--- ASSIGNMENT ---
Omitting all pictures, retype the entries below exactly as given.

[Images for object localization]
· · ·

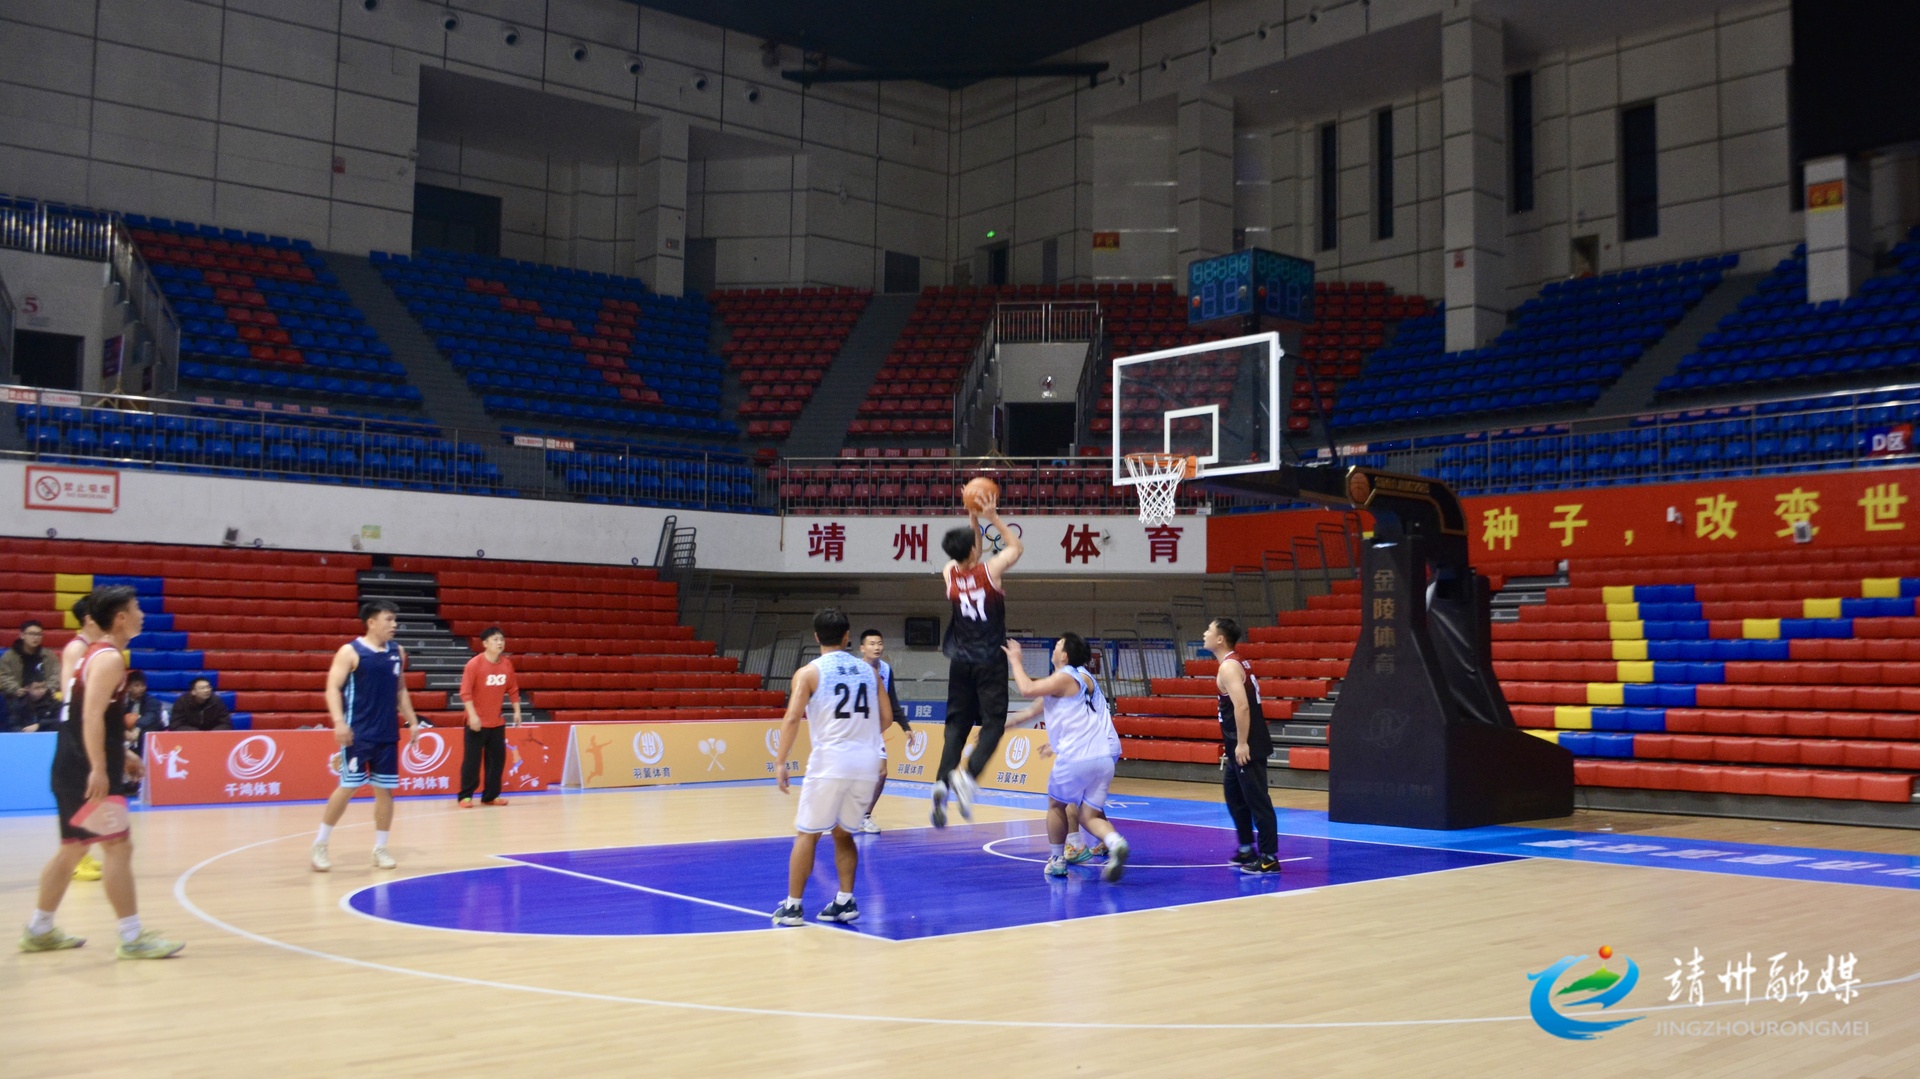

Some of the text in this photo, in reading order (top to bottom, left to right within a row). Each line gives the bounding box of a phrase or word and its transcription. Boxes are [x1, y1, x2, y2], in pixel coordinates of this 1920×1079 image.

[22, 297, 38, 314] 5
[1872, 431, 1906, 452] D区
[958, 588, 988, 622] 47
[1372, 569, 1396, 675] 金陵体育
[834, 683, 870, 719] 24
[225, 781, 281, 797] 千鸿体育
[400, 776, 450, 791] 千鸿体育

· · ·

--- SOLUTION TO THIS TASK ---
Some of the text in this photo, in reading order (top to bottom, left to right within a row). Each line gives the bounding box of a phrase or word and its transcription. Boxes are [x1, y1, x2, y2], in pixel coordinates of this 1920×1079 image.

[22, 297, 38, 314] 5
[1872, 431, 1906, 452] D区
[958, 588, 988, 622] 47
[1372, 569, 1396, 675] 金陵体育
[834, 683, 870, 719] 24
[225, 781, 281, 797] 千鸿体育
[400, 776, 450, 791] 千鸿体育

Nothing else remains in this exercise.